По этажу, вниз по ступенькам, по двору…
— Агата!
Костя кричит, не совладав с голосом. Уже видит, что ворота открыты, с поста охраны вылетают двое.
Те, которые должны были всё знать, а не крутить головами так же, как они с Гаврилой.
Костя вылетает на улицу, знает, куда бежать.
По проезжей через два дома.
Туда, где у них вроде как речная набережная.
Любимое место Агаты. Только Агаты здесь нет.
Костя видит коляску, делает рывок к ней. Чувствует, как кровь бьет в висках. Он всё понимает. Он не хочет понимать.
Максим — внутри.
Он просто спит…
Но оставить его там — выше Костиных сил, он хватает ребенка, продолжает крутить головой…
Будто есть хоть маленький шанс, что Агата где-то здесь…
Уши будто заложенные, секунды по прежнему тянутся. Костя крутится с малым на руках, пытаясь хоть за что-то зацепиться…
Цепляется за пса…
Который лежит на траве, судорожно пытаясь встать на лапы. Но он не может — ему больно. Как минимум одна пуля досталась ему.

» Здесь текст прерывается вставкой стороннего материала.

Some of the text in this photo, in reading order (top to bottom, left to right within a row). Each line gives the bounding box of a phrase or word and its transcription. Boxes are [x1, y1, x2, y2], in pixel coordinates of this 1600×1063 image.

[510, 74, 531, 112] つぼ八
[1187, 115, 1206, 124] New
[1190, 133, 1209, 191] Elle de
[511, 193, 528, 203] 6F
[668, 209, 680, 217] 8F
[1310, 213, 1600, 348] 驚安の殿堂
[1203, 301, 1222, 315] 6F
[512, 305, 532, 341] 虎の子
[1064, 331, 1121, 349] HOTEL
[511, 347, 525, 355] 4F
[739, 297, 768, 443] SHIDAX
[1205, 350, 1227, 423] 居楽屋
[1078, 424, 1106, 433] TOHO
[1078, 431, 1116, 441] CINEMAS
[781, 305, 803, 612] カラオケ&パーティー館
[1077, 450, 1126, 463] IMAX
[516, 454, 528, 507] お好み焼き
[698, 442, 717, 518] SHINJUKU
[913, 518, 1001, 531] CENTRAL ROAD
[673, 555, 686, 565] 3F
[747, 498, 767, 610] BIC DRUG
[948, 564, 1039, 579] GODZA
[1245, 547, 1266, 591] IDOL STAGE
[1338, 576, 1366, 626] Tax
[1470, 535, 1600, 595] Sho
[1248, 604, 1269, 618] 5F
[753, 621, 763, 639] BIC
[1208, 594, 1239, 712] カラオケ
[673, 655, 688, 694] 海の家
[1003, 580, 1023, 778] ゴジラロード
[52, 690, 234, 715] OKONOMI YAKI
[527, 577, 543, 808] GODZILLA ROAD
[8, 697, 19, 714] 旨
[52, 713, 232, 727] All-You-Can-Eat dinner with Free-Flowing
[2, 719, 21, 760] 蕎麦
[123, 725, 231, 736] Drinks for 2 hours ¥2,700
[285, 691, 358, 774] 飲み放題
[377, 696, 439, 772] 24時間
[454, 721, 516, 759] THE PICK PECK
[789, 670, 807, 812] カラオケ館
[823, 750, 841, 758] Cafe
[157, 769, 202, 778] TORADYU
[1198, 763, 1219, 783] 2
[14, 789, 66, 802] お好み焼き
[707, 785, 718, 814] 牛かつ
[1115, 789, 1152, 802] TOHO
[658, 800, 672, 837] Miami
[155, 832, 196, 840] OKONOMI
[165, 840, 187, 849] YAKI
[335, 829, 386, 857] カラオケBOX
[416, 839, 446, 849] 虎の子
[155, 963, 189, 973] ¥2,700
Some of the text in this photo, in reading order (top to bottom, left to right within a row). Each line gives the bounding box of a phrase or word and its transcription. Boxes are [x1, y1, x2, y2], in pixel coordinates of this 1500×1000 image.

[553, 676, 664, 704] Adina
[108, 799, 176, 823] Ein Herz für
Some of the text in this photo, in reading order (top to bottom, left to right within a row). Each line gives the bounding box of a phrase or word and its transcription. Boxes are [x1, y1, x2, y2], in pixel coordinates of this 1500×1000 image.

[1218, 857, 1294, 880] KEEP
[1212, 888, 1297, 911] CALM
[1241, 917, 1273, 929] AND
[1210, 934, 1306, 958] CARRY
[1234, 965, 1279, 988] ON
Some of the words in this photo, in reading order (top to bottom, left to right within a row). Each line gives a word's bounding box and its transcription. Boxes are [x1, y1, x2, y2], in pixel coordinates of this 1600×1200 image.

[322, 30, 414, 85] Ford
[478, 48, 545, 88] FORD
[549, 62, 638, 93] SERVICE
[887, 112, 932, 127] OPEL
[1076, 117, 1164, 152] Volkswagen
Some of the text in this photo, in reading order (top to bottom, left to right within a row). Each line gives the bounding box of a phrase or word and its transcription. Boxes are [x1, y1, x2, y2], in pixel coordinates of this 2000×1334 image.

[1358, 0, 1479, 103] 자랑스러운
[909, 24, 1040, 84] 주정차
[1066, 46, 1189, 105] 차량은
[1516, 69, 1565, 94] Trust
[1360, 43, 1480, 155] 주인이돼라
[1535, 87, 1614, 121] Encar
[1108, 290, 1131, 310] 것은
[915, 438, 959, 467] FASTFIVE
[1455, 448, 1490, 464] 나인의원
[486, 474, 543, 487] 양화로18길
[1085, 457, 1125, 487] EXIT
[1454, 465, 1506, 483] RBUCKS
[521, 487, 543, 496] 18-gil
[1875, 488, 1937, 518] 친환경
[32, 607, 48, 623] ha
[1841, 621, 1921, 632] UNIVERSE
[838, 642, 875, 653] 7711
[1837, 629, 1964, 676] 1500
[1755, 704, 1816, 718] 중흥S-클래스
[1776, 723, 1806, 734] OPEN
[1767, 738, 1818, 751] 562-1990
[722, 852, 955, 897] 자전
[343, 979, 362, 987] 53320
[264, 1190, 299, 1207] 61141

Над ним сидит Гаврила, смотрит с жалостью и кривится. Он тоже всё понимает.
Все всё понимают…
— Агата!!! — И что кричать нет никакого смысла, но Костя кричит…
И что Агаты здесь нет, сколько ни ори…
Макс начинает плакать, Костя прижимает его сильней.
— Кость… Она жива… Её забрали просто. Понимаешь?
Костин взгляд из горящего становится стеклянным. Он приближается туда, где Гаврила и скулящий Бой. Который верен до конца. Который пытался защитить…
А теперь Гаврила пытается утешить. Успокоить. Вернуть в реальный мир хладнокровного расчета. Объяснить, что её просто забрали. За неё просто что-то потребуют.
И он всё отдаст. Только вот…
Костя впервые в жизни чувствует слабость в коленях, на них же опускаясь. Бой снова пытается встать, но у него не получится. Мужская рука накрывает рану, из которой хлещет кровь. Она просачивается сквозь пальцы, окрашивая их алым. Бой пытается лаять в ту сторону, где на дороже черные тормозные следы. Максим заходится настоящим плачем, а Костя…
Чувствует противную влагу травы через ткань, поднимает голову, смотрит в небо… Голубое такое, сука… Благодатное… Спокойное… Чтобы выдать отчаянное, бессильное, распугивающее птиц:
— А-а-а-а-а!!!!
Потому что ее забрали не торговаться.
Отец решил закончить дело сына. Ему это позволили.
Глава 37
У любого чувства может случиться обострение. У любви, когда есть риск потери. У ненависти, когда болит особенно сильно. У страха, когда ты чувствуешь необратимость чего-то ужасного. У жажды жить, когда понимаешь: скорее всего жить-то тебе не дадут…
Когда-то это обострение помогло Агате доползти до пистолета. Взять в руки. Зажмуриться. Пальнуть…
Чтобы жить, потому что она хотела. Вопреки всему. Не понимая, зачем. Боясь тех вещей, из которых жизнь состоит. Но финала она боялась сильней.
Ей было двенадцать. Она должна была умереть, но она себя спасла. А теперь…
Это было бы смешно, имей она возможность вот сейчас смеяться, но её судьба ходила кругами с двенадцатилетним циклом. И каждый обрывался встречей с мужчиной, носившим фамилию Вышинский. Мужчиной, в котором течёт эта сучья безжалостная кровь…
Агата поняла, что происходит, очень быстро. Почти сразу, как оказалась в машине одна.
Мужчины со звериным взглядом в ней не было. Было трое других. Чей автомобиль сначала разрезал тишину, будто горячий нож масло, скрипом резко тормозящих шин. Потом они вылетели, чтобы схватить. В тот момент Агата не понимала ничего — всё происходило слишком быстро, а её реакции были слишком медленными.
Они видела, как Бой просился наперерез. Что один из неизвестных направил на пса пистолет и трижды стрельнул. Он заскулил отчаянно, но ещё пытался…
А Агата просто холодела, глядя, как её любимый мальчик оседает, с губ сам собой сорвался крик. В голове мелькнуло только, что нужно защитить Макса, но как?
Первой волной паники накрыло сразу. Агата хотела бы сопротивляться, но просто не могла.